Last night when I lay
sleepless, thinking,
I turned my problems
from back to front,
then front to back,
trying through worry
to wear them down
to nothing.
If anything,
I only made them
loom larger, by slipping
one next to another,
matching craggy edges
until I had fashioned
an insurmountable
wall.
Today I find
they are neither
worn to dust nor
mortared together;
one by one, they crop out
through the morning.
And as I meet them,
I huff and sigh and whine.
Yet I recall the first
evening of summer camp
when I was fourteen –
we leapt over fallen trees,
grabbed for tough rope ladders,
splashed through mud pits
in the dark.
We laughed raucously
in the face of each hurdle,
and we emerged
from our challenge
soaked but exhilarated,
with skinned knees
and new best friends.
So tomorrow I vow
to try this: the child who
shakes me awake
is the day’s starting
pistol, and I will leap up
with vigor, unfazed
by my handicap
of inadequate sleep.
— Sarah Dunning Park (what it is is beautiful, copyright 2012)
I have read and reread this poem, and every time a different stanza is my favorite. Not only is her language beautiful, not only do her metaphors so clearly describe things I struggle to articulate – my own difficulty sleeping, my own crankiness in the morning, my own frequent vows to change my attitude – but today it’s the title that gets me.
Obstacle Course. An obstacle course is designed to challenge. It’s also designed to be fun, and to stretch the way you think about something. What’s the best way across or through? The fastest? The safest? Perhaps, the cleanest? My memories of obstacle courses from childhood all involve laughter. Somehow, the difficulty, the challenge, the struggle – also made us laugh. We laughed as we tripped, jumped, slithered, and fell. Sure, we wanted to win, to get the fastest time, to move on to the next thing — but it was fun.
Does my grown-up version of an obstacle course – the everyday exhaustion, the unending scheduling of school pickups and violin lessons and birthday parties and attempts to see friends, the juggling of time and priorities – ever seem fun?!! Could I possibly reframe it? See life as an obstacle course to be tackled, with laughter, and triumphed over – even if I get dirty in the process? Come out with grass-stained knees and a ripped t-shirt?

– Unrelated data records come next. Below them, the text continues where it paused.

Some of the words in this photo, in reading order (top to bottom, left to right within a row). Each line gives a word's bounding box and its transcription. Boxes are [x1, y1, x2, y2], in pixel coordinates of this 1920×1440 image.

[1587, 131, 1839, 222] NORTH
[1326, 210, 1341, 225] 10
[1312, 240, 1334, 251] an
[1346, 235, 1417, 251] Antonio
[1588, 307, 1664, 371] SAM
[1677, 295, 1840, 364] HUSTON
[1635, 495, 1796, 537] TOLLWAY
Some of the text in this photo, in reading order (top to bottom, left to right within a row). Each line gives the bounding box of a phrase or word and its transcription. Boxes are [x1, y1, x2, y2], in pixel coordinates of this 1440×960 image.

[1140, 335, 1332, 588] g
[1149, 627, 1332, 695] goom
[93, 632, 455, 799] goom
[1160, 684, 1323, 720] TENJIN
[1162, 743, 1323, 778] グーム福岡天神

This season is a time many of us take stock of what we’ve been given, and make the time to somehow articulate and share what it is we are thankful for. Our family does this, too – we have a tree that I create on our living room wall each November, and each night we write something or someone down on a leaf and fill up the branches with reds, oranges, browns, and golds of thankfulness.
To be honest, I’ve struggled with it this year. Not because I’m in a dark place, or because I’m feeling overcome by bitterness or ungratefulness or frustration… I haven’t really been sure why I’ve had such trouble coming up with something to write on my leaf each evening. Except for this: could it be that I’m actually more content these days than I’ve been in the past? I don’t love my life, but I AM thankful for it in all its messiness and difficulty.
That is, I am thankful for the big things – I am thankful for my husband and my kids, for the health of my parents and my sister and our extended family, for my friends and our kids’ schools and for the ways that God provides for us in both mundane and surprising ways each month. But, honestly, so many things in my life drive me nuts right now. My calendar/schedule, first and foremost. Our bank account and the unending expenses of three kids and New York City, coming in a close second.
So perhaps this is the season for me to learn to be thankful for the mud pit in the obstacle course. For the slippery wall to climb. Can I laugh at the scheduling snafus, remembering the time I lunged for the trapeze and just missed it and fell onto the trampoline beneath? Can I shriek with glee at the way it bounces beneath me, sending me back up, again and again?
We are told in both the Old Testament and the New to praise God in ALL things. It has taken me a very long time to learn to let go and do just that. What I have received in return is an instant lessening of tension, given in the moment. What I have received that is permanent, always there, is a strand or thread of light and joy that runs beneath all of my thoughts, worries, fears, aches and sorrows — as well as all the fun stuff. This is absolutely a pearl beyond price. I am kept buoyant and balanced by praising Him in all things. It is something to consider doing; simply say, “Praise you, God. Thank you, Lord.” That’s all it takes. May your days grow in contentment.